[Input — start]

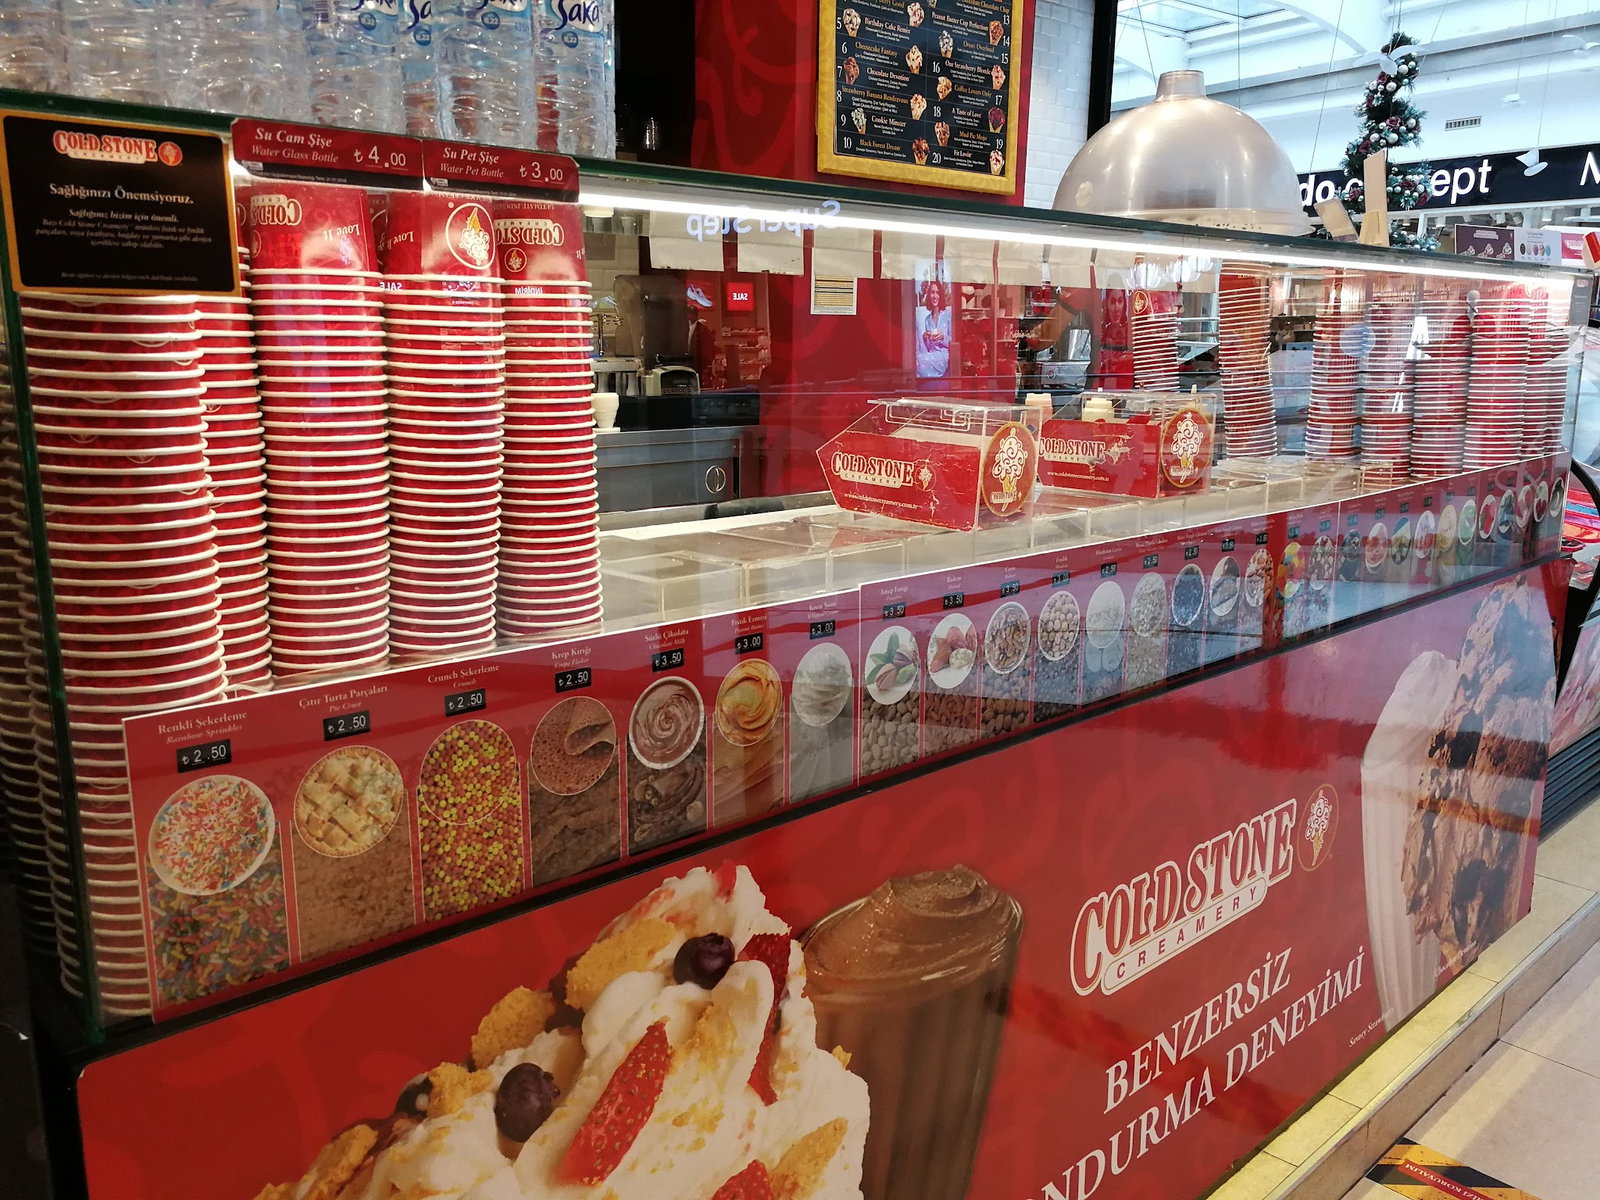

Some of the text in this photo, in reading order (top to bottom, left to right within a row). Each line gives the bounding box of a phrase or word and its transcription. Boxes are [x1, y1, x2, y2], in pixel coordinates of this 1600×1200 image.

[836, 17, 842, 30] 5
[1003, 15, 1010, 25] 13
[841, 42, 848, 54] 6
[1002, 35, 1010, 47] 14
[1001, 53, 1009, 64] 15
[837, 66, 843, 78] 7
[932, 61, 940, 73] 16
[836, 90, 842, 102] 8
[995, 94, 1003, 106] 17
[840, 114, 847, 126] 9
[933, 106, 941, 118] 18
[53, 130, 158, 162] COLD STONE
[255, 127, 272, 141] Su
[276, 130, 305, 145] Cam
[307, 133, 333, 149] Şişe
[843, 137, 852, 149] 10
[996, 138, 1004, 150] 19
[252, 144, 339, 163] Water Glass Bottle
[443, 147, 457, 159] Su
[460, 148, 476, 162] Pet
[478, 150, 499, 166] Şişe
[932, 152, 942, 164] 20
[440, 162, 504, 178] Water Pet Bottle
[49, 183, 194, 205] Sağlığınızı Önemsiyoruz.
[323, 224, 360, 242] Love It
[495, 227, 521, 245] STO
[831, 452, 914, 487] COLD STONE
[427, 670, 458, 683] Crunch
[325, 694, 348, 704] Turta
[349, 685, 388, 698] Parçaları
[158, 712, 248, 735] Renkli Şekerleme
[1069, 799, 1297, 997] COLD STONE
[1115, 884, 1259, 980] CREAMERY
[1103, 947, 1292, 1114] BENZERSİZ
[1030, 945, 1365, 1200] NDURMA DENEYİMİ
[1405, 1163, 1462, 1193] KORUYALIM
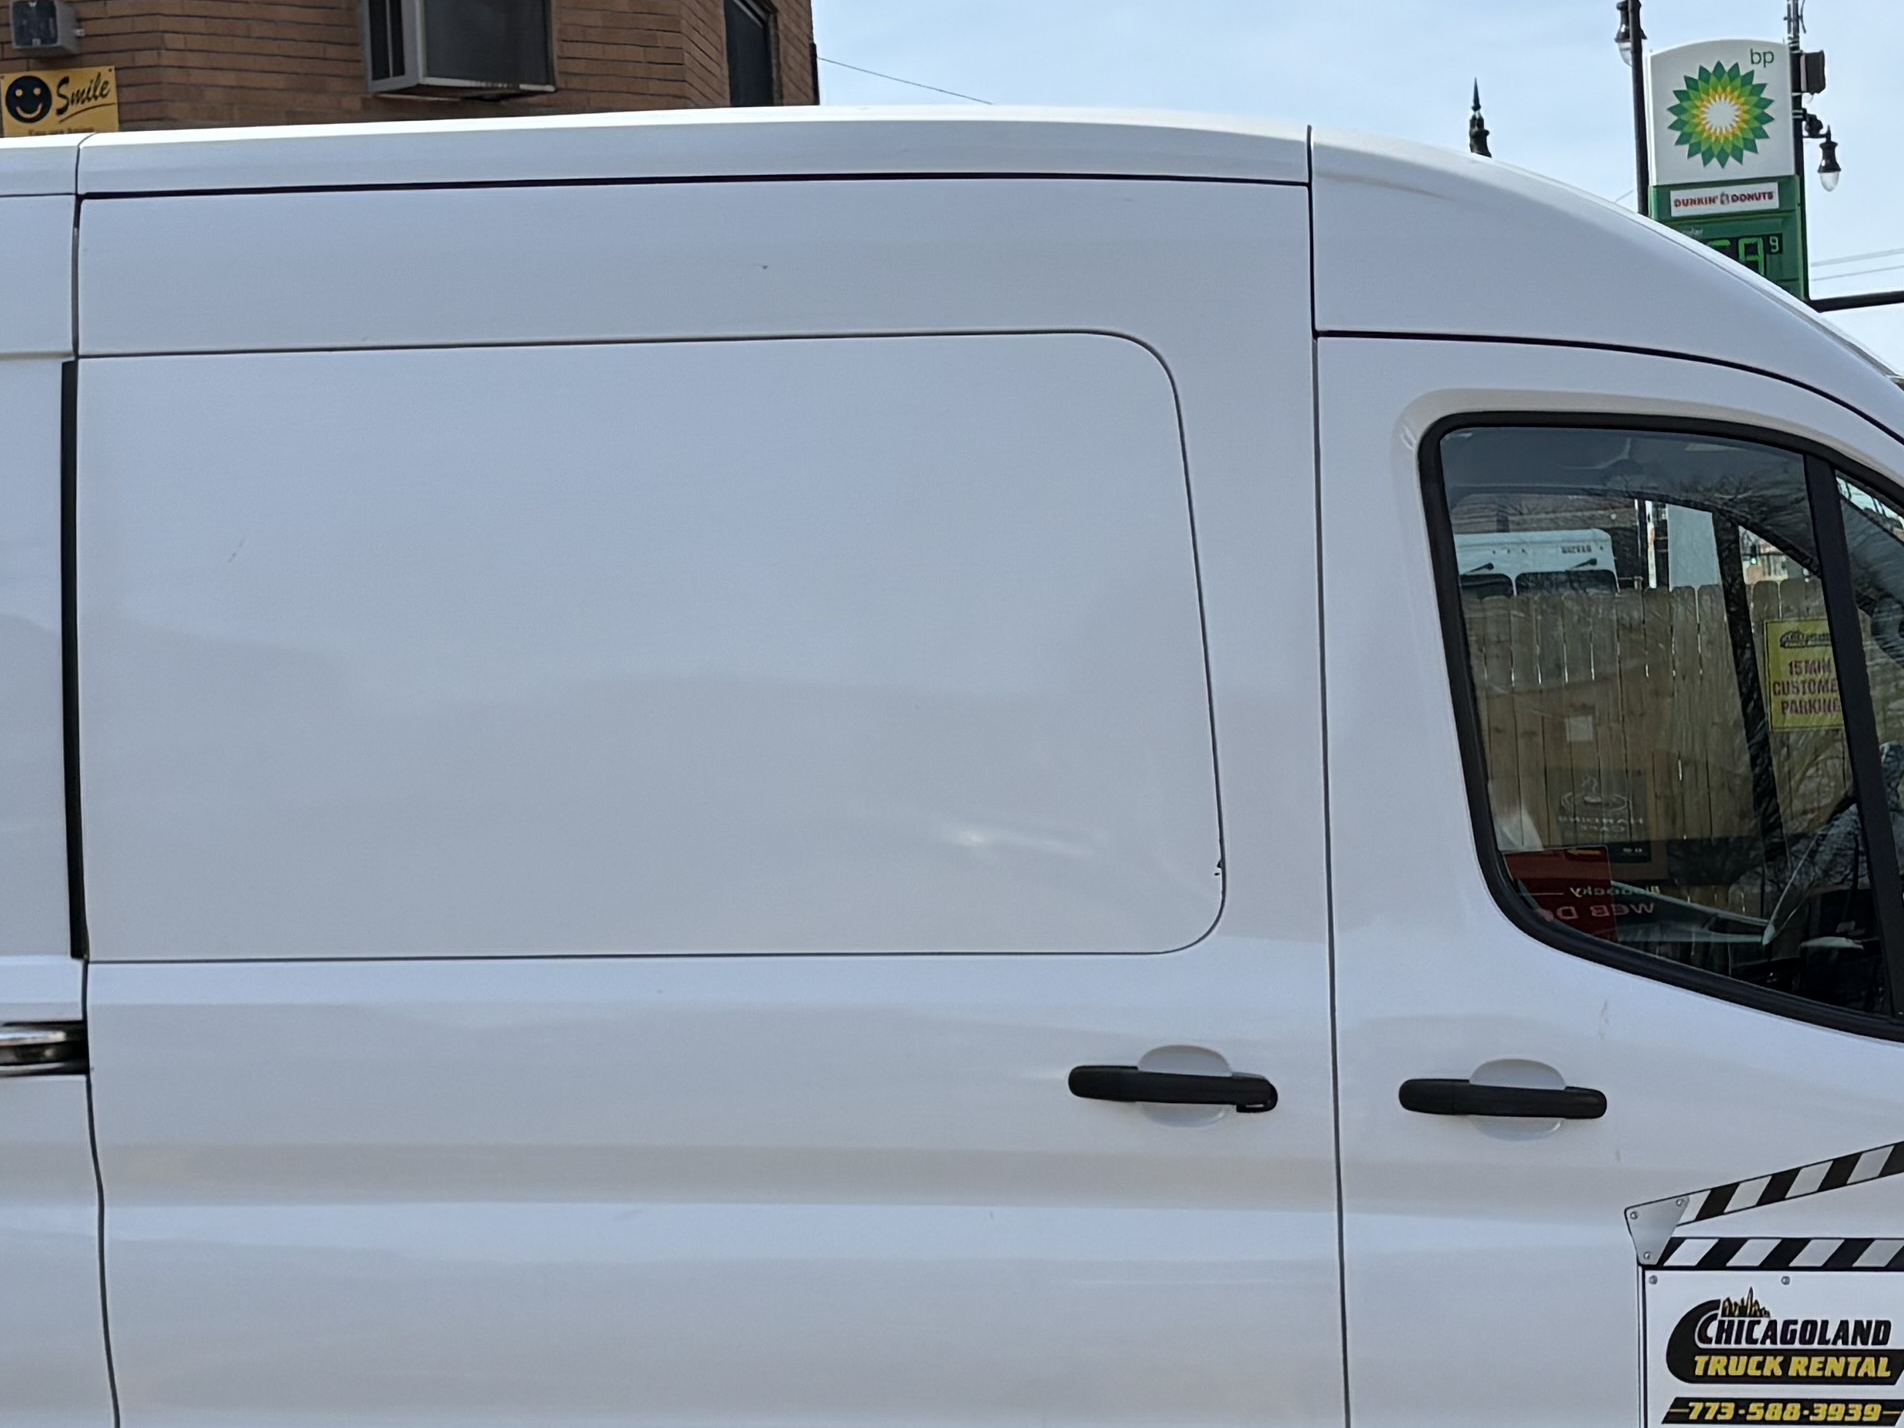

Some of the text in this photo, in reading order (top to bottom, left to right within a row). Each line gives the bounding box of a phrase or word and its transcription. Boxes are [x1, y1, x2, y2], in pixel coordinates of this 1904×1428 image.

[1750, 48, 1775, 68] bp
[56, 71, 111, 116] Smile
[1731, 191, 1774, 203] DONUTS
[1772, 678, 1838, 696] CUSTOME
[1696, 1312, 1892, 1347] CHICAGOLAND
[1694, 1355, 1892, 1378] TRUCK RENTAL

[Input — finish]

• **Directions**: Transcribe the listing above in full and exactly; no pictures belong in the copy.

• **Result of this exercise**:
Some of the text in this photo, in reading order (top to bottom, left to right within a row). Each line gives the bounding box of a phrase or word and its transcription. Boxes are [x1, y1, x2, y2], in pixel coordinates of this 1600×1200 image.

[836, 17, 842, 30] 5
[1003, 15, 1010, 25] 13
[841, 42, 848, 54] 6
[1002, 35, 1010, 47] 14
[1001, 53, 1009, 64] 15
[837, 66, 843, 78] 7
[932, 61, 940, 73] 16
[836, 90, 842, 102] 8
[995, 94, 1003, 106] 17
[840, 114, 847, 126] 9
[933, 106, 941, 118] 18
[53, 130, 158, 162] COLD STONE
[255, 127, 272, 141] Su
[276, 130, 305, 145] Cam
[307, 133, 333, 149] Şişe
[843, 137, 852, 149] 10
[996, 138, 1004, 150] 19
[252, 144, 339, 163] Water Glass Bottle
[443, 147, 457, 159] Su
[460, 148, 476, 162] Pet
[478, 150, 499, 166] Şişe
[932, 152, 942, 164] 20
[440, 162, 504, 178] Water Pet Bottle
[49, 183, 194, 205] Sağlığınızı Önemsiyoruz.
[323, 224, 360, 242] Love It
[495, 227, 521, 245] STO
[831, 452, 914, 487] COLD STONE
[427, 670, 458, 683] Crunch
[325, 694, 348, 704] Turta
[349, 685, 388, 698] Parçaları
[158, 712, 248, 735] Renkli Şekerleme
[1069, 799, 1297, 997] COLD STONE
[1115, 884, 1259, 980] CREAMERY
[1103, 947, 1292, 1114] BENZERSİZ
[1030, 945, 1365, 1200] NDURMA DENEYİMİ
[1405, 1163, 1462, 1193] KORUYALIM

Some of the text in this photo, in reading order (top to bottom, left to right within a row). Each line gives the bounding box of a phrase or word and its transcription. Boxes are [x1, y1, x2, y2], in pixel coordinates of this 1904×1428 image.

[1750, 48, 1775, 68] bp
[56, 71, 111, 116] Smile
[1731, 191, 1774, 203] DONUTS
[1772, 678, 1838, 696] CUSTOME
[1696, 1312, 1892, 1347] CHICAGOLAND
[1694, 1355, 1892, 1378] TRUCK RENTAL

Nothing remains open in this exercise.